We’ll focus on one of the biggest players in SEO, Rand Fishkin at SEOmoz. After reviewing how he did with last year’s predictions, he gave readers seven predictions of what will happen in 2011. Some were more controversial than others, of course. I’ll list just a few.
First, Fishkin predicts that someone will prove (or a search engine will confirm) that clicks/visits influence rankings. He noted that he’s “been hearing from more and more SEOs that there’s some correlation between earning clicks and moving up in the rankings.” I’ve seen SEO Chat forum members asking about this as early as April of 2009, so in a sense it’s surprising that this hasn’t happened already. After all, Google and Bing both recently confirmed that they look at social factors when determining a page’s ranking in the results.
Fishkin’s fifth prediction was that mobile queries would have a negligible effect on search and SEO. He believes this will happen for two reasons: first, that mobile usage of search will NOT take off in 2011, and that mobile and desktop web browsing experiences “will continue to merge toward a single experience, thus negating much of the need for mobile-specific sites and SEO.”

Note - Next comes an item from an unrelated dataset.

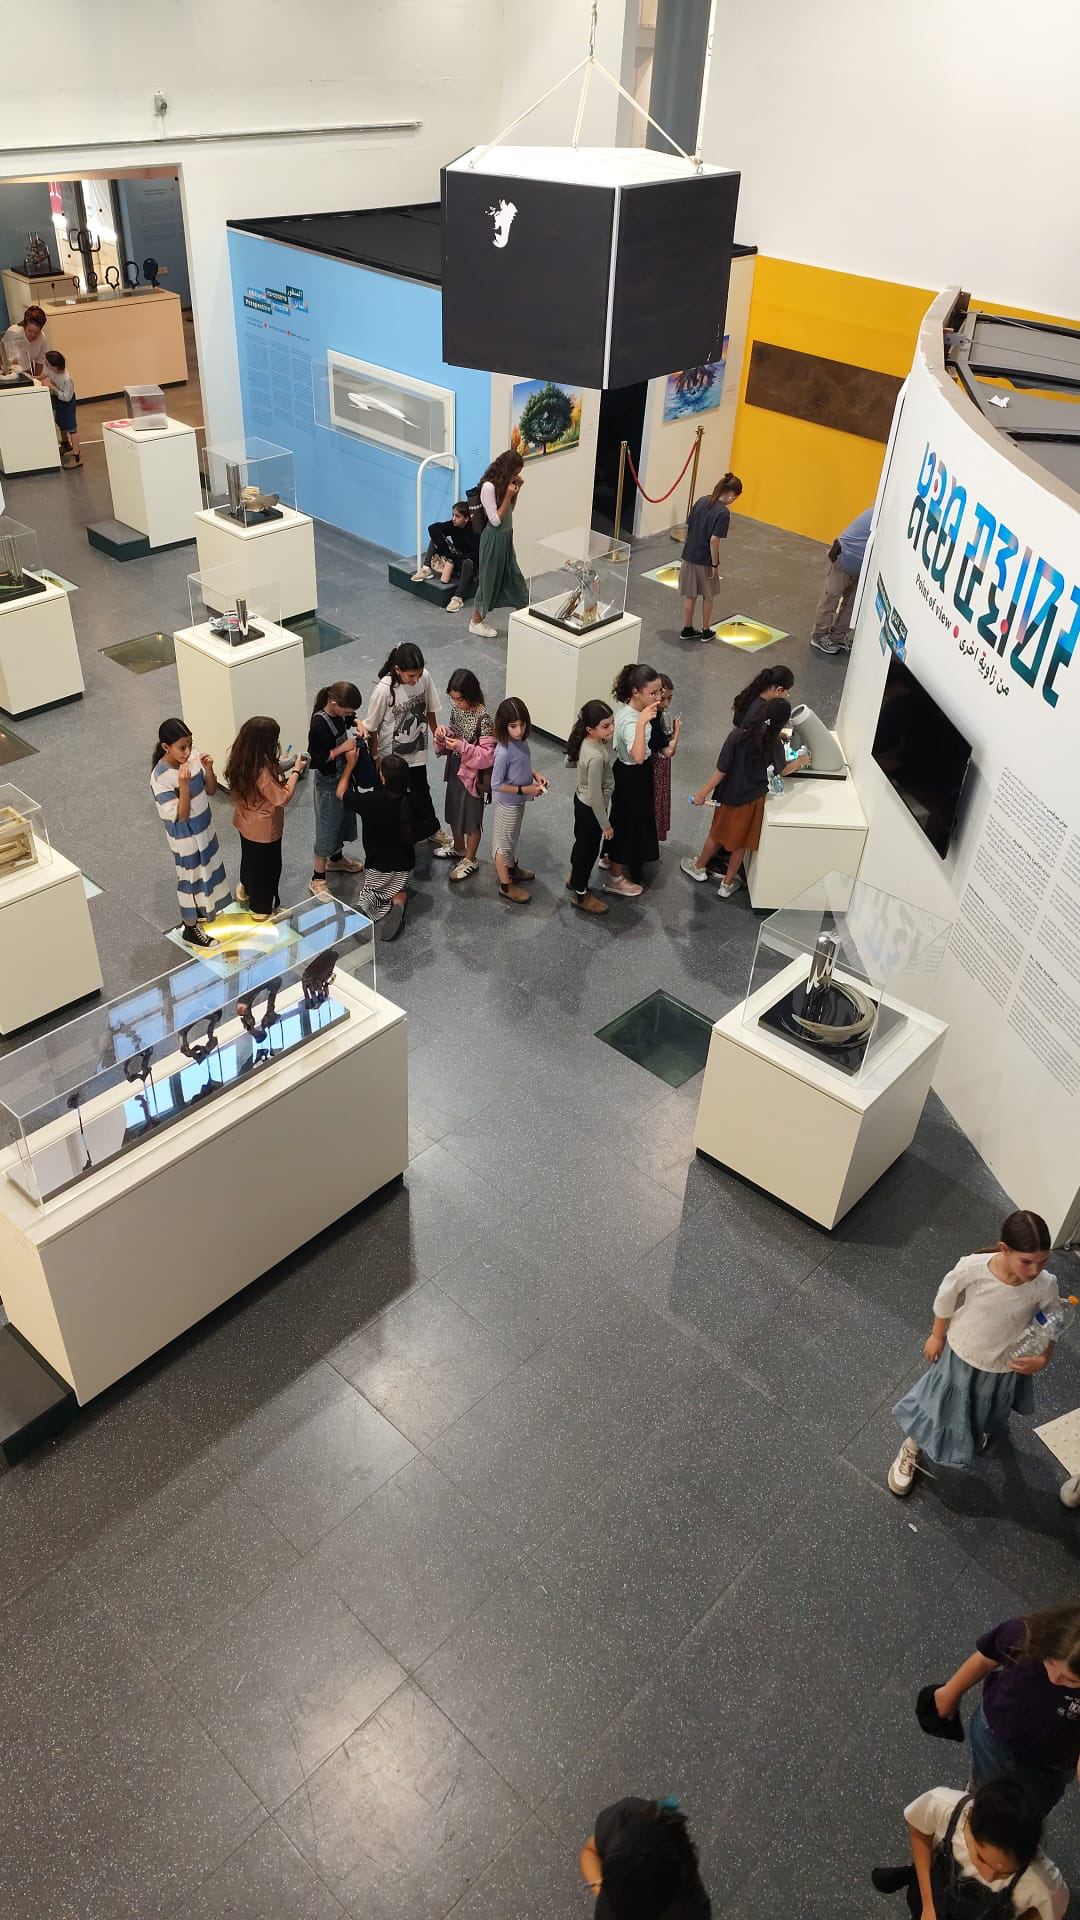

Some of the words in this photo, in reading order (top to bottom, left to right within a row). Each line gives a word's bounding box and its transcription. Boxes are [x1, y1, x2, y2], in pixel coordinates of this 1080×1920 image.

[915, 573, 930, 602] Point
[928, 598, 937, 611] of
[935, 605, 952, 630] view
[996, 679, 1010, 697] من

That prediction inspired quite a bit of controversy, with none other than Himanshu from our own SEO Chat forums firing back with a plethora of studies and figures to show just how much mobile usage has been growing – and how much is being spent on mobile advertising. While Fishkin’s arguments are compelling, I have to agree with Himanshu on this. A lot more people are using mobile today, and they’re using it for more than just checking their email and Facebook. What’s more, the most active mobile users skew young. Marketing to a twenty-something or thirty-something using a mobile device, with its small screen and other limitations, will call for a strategy that is different from marketing to a baby boomer working at their desktop or laptop. A good marketing campaign in 2011 will need to take this into account at the planning stages.

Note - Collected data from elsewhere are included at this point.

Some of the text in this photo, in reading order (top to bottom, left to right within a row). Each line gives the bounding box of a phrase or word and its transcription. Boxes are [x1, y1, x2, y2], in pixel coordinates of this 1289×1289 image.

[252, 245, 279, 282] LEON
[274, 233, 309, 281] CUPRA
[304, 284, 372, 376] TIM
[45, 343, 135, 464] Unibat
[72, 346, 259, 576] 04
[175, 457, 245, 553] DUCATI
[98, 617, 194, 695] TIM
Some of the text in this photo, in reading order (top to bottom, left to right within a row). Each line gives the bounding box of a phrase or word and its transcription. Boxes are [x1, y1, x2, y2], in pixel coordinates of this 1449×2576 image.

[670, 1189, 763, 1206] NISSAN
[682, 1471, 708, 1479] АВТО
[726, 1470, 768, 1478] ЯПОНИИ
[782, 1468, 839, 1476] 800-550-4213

If you’re perceptive, you’ll notice that I used the phrase “marketing campaign” above, and not “SEO campaign.” For his seventh prediction, Fishkin stated his believe that “We’ll start to move away from the title ‘SEO’ to something more all-inclusive.” To be honest, I’ve been seeing that already, to some extent. Fishkin includes a diagram that shows how many activities fall under the heading of SEO (improve traffic metrics, diversify link/traffic sources, target the right keywords, etc.). He also notes that, “with the search engines expanding so far afield in the signals they consider and the verticals/media types they include,” SEOs actually NEED to be conversant in many facets of organic web marketing.
This prediction inspired a fair bit of discussion. Some think the title itself won’t actually change; it will simply continue to become more inclusive, with more activities falling under its umbrella. One commenter noted that “An SEO for a multi channel retailer will inevitably have to understand all the sales channels to provide the best ROI…even if he is solely responsible for SEO. Although it won’t happen in 2011, I expect that eventually…there will be very little difference between an online marketer and just a marketer.”
For 2011, though, I personally think we’ll see a pull in two directions: generalization and specialization. There will be a minority of SEOs that begin to specialize in specific aspects of the field (on-page optimization, link generation, or social media, perhaps), while the majority continue to generalize and evolve into what can rightfully be called “online marketers.” It will take at least through the end of next year, though, to sort out what terms will be used. If you’re trying to explain it to clients, you’ll want to focus on what you do, and not your title, whether it’s SEO, online marketer, SMO, or something more exotic. Good luck!